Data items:
* * * * * * * * *
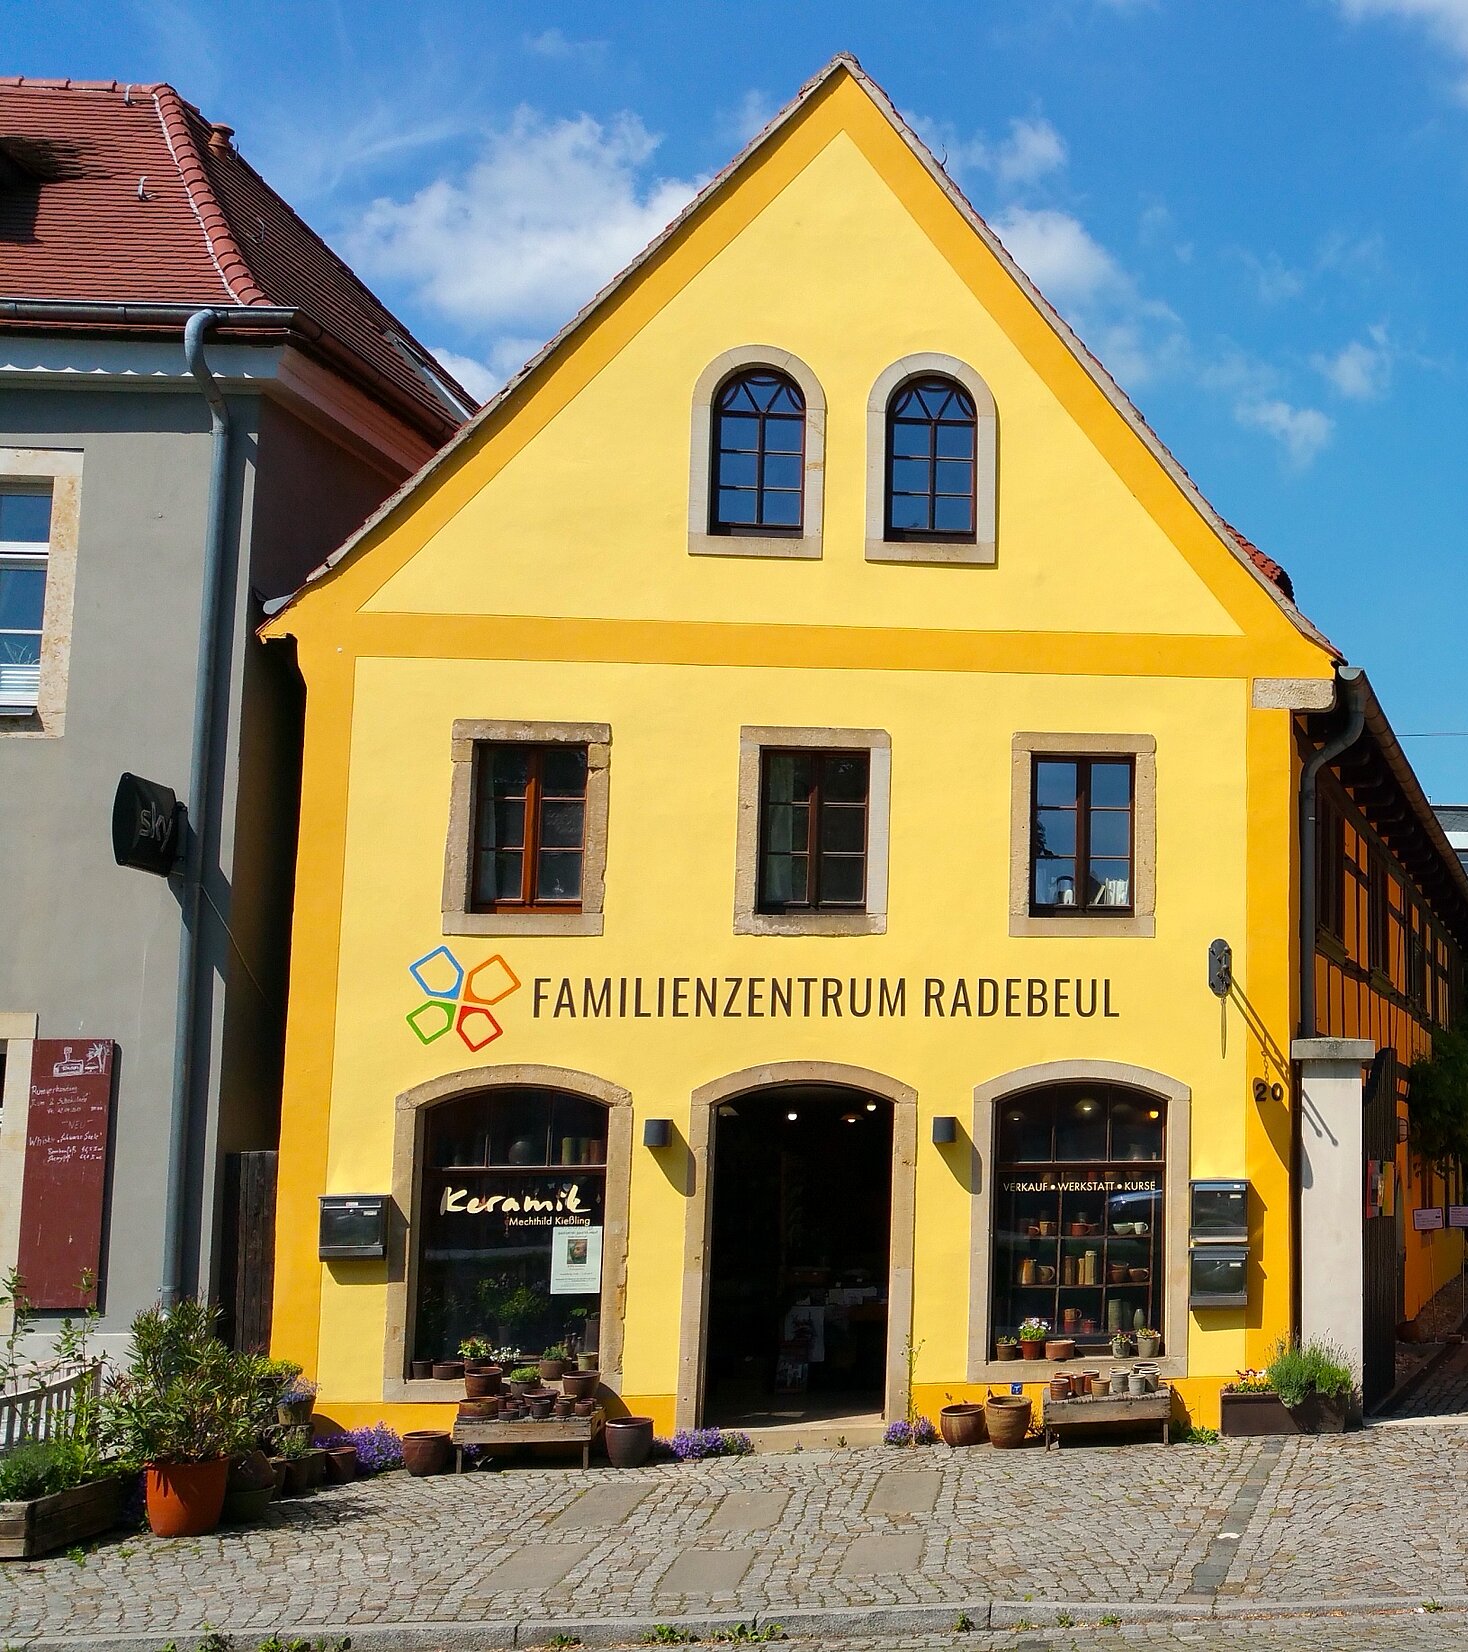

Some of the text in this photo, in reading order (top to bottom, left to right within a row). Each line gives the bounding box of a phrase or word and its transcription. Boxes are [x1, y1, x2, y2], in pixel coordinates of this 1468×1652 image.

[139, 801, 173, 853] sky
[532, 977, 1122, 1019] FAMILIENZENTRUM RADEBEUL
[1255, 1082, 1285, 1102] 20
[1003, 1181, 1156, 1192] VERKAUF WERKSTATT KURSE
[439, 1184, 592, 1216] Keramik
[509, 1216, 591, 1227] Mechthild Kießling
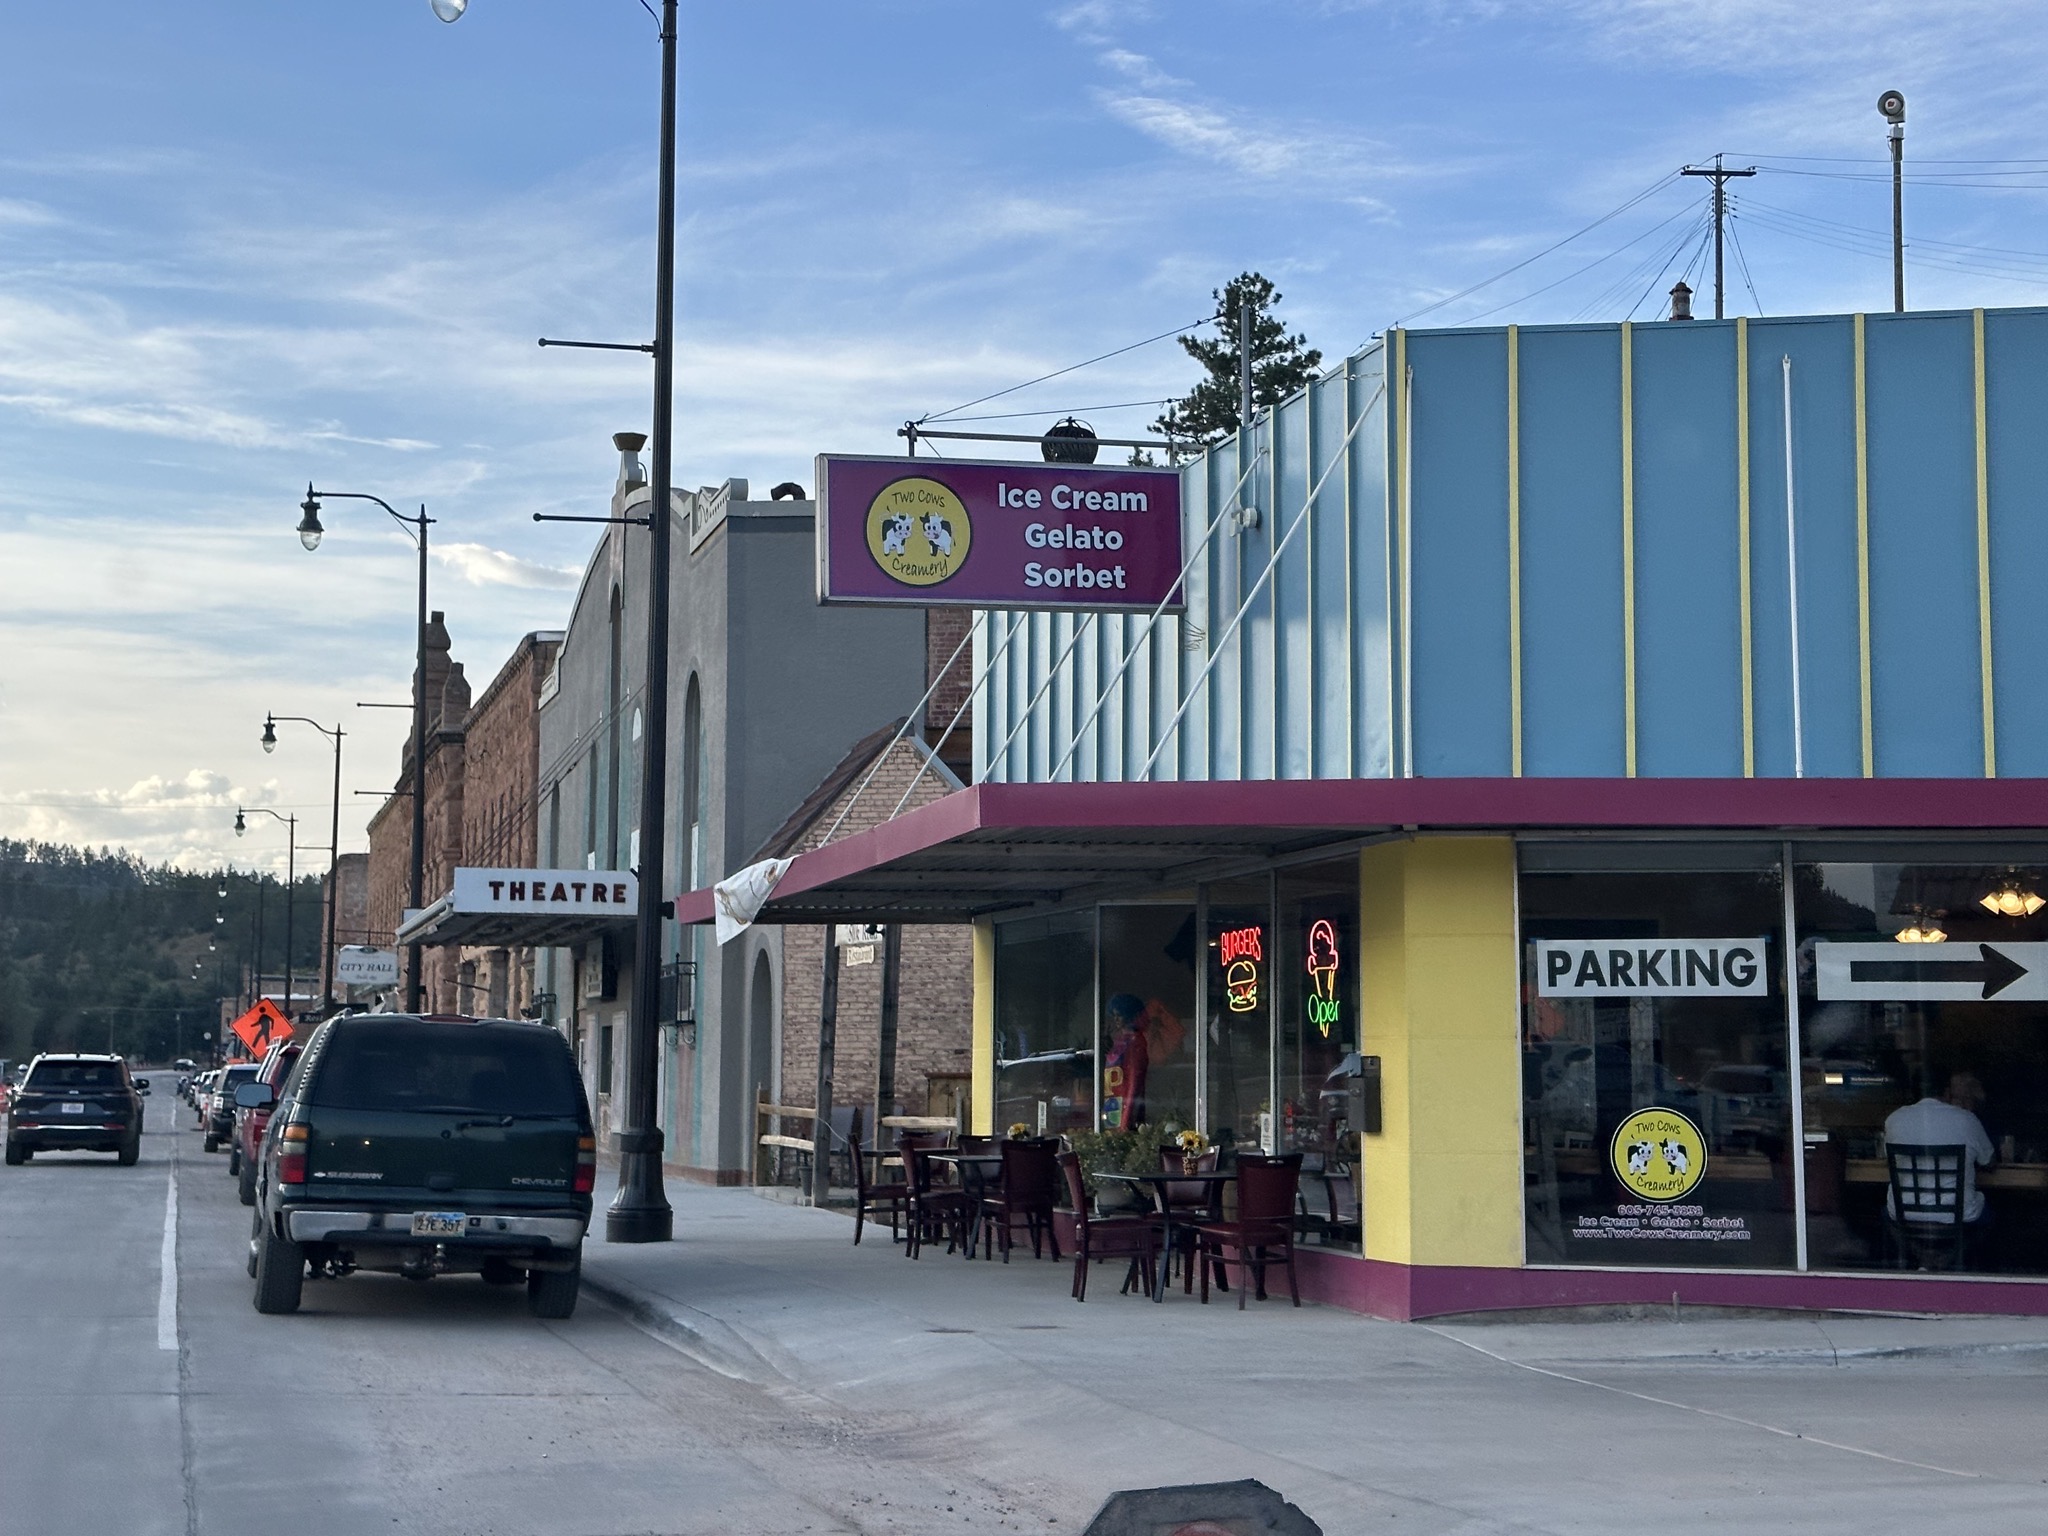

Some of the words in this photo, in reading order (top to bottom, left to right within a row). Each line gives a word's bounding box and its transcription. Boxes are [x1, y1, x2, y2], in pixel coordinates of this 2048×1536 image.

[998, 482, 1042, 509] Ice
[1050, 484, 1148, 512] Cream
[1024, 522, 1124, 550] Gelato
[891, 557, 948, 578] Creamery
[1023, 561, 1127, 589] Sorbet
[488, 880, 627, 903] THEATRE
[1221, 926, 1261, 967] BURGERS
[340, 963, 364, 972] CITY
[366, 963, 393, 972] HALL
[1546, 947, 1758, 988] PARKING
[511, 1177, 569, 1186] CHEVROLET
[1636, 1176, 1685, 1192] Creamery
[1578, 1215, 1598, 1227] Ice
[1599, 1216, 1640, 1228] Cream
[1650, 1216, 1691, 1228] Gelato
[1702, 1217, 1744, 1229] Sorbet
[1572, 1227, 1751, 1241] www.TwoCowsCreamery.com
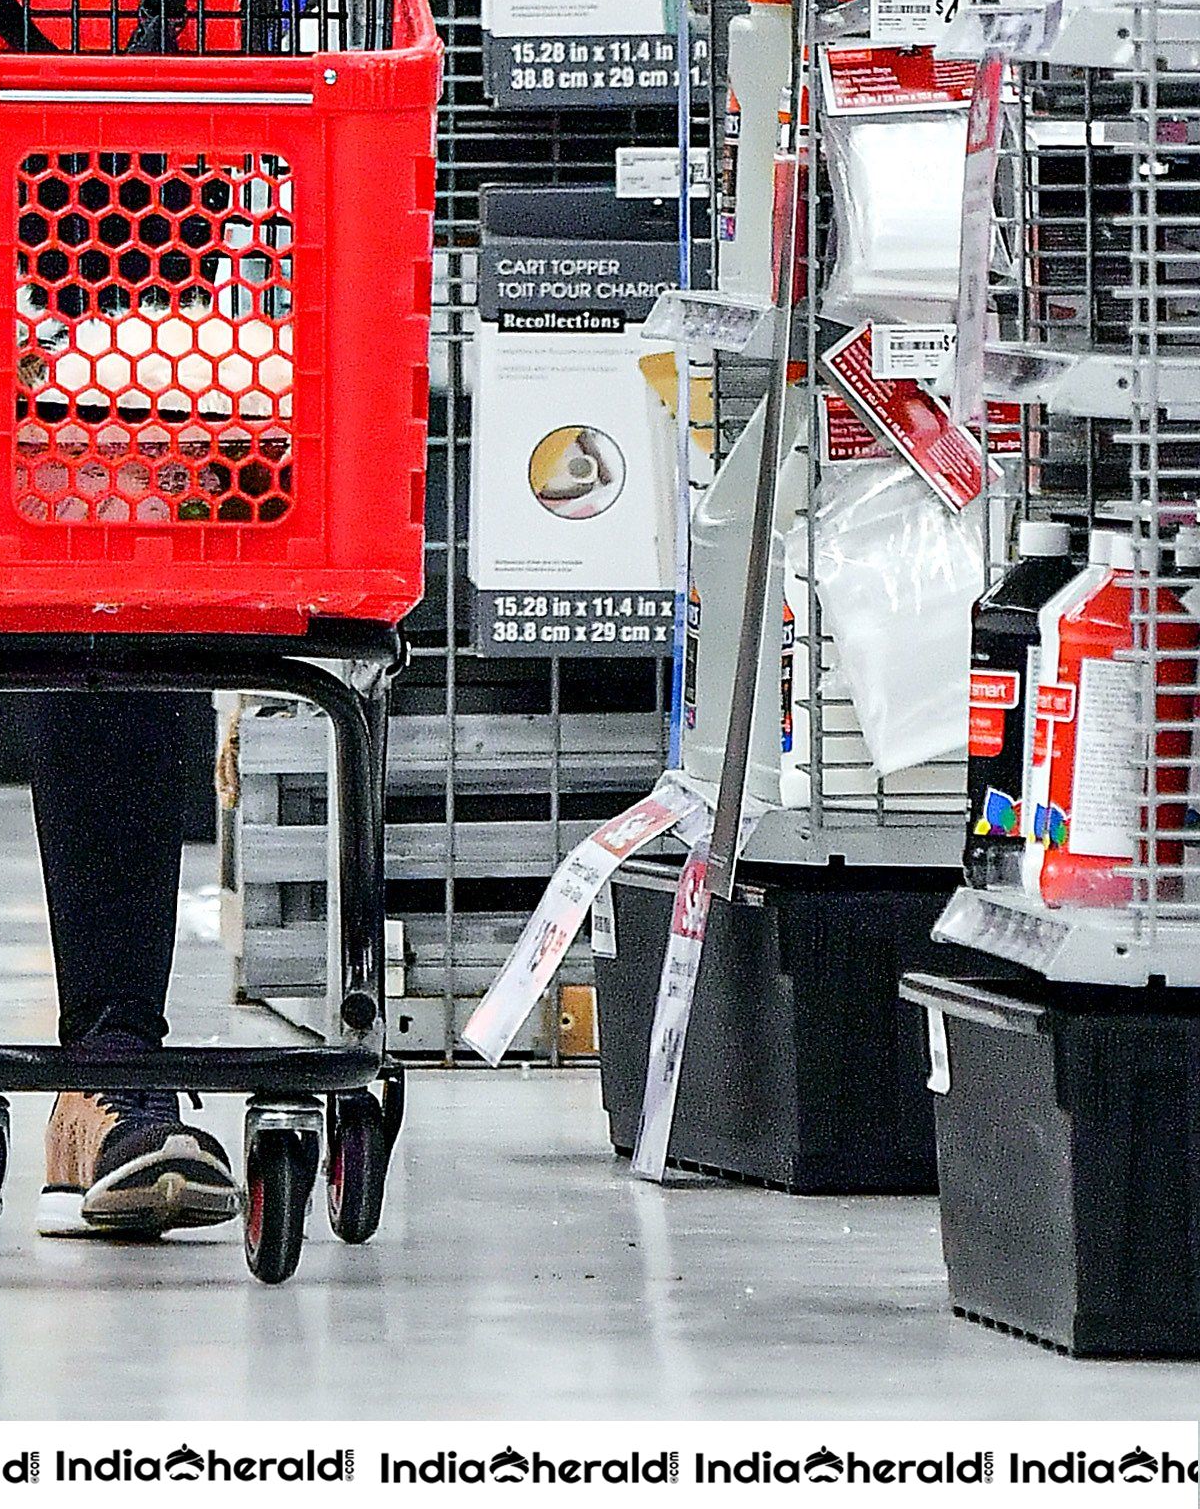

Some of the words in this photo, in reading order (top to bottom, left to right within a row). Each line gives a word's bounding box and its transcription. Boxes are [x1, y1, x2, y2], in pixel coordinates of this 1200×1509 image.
* * * * * * * * *
What you will do:
Every line above must be printed again exactly, pictures excluded.

Solution to this problem:
Some of the text in this photo, in reading order (top to bottom, left to right within a row). Each line gives the bounding box of a phrase or word and its transcription. Boxes are [x1, y1, x2, y2], in pixel coordinates of this 1468×1652 image.

[139, 801, 173, 853] sky
[532, 977, 1122, 1019] FAMILIENZENTRUM RADEBEUL
[1255, 1082, 1285, 1102] 20
[1003, 1181, 1156, 1192] VERKAUF WERKSTATT KURSE
[439, 1184, 592, 1216] Keramik
[509, 1216, 591, 1227] Mechthild Kießling

Some of the words in this photo, in reading order (top to bottom, left to right within a row). Each line gives a word's bounding box and its transcription. Boxes are [x1, y1, x2, y2], in pixel coordinates of this 2048×1536 image.

[998, 482, 1042, 509] Ice
[1050, 484, 1148, 512] Cream
[1024, 522, 1124, 550] Gelato
[891, 557, 948, 578] Creamery
[1023, 561, 1127, 589] Sorbet
[488, 880, 627, 903] THEATRE
[1221, 926, 1261, 967] BURGERS
[340, 963, 364, 972] CITY
[366, 963, 393, 972] HALL
[1546, 947, 1758, 988] PARKING
[511, 1177, 569, 1186] CHEVROLET
[1636, 1176, 1685, 1192] Creamery
[1578, 1215, 1598, 1227] Ice
[1599, 1216, 1640, 1228] Cream
[1650, 1216, 1691, 1228] Gelato
[1702, 1217, 1744, 1229] Sorbet
[1572, 1227, 1751, 1241] www.TwoCowsCreamery.com

Some of the words in this photo, in reading order (top to bottom, left to right within a row). Each line gives a word's bounding box and its transcription. Boxes are [x1, y1, x2, y2], in pixel coordinates of this 1200×1509 image.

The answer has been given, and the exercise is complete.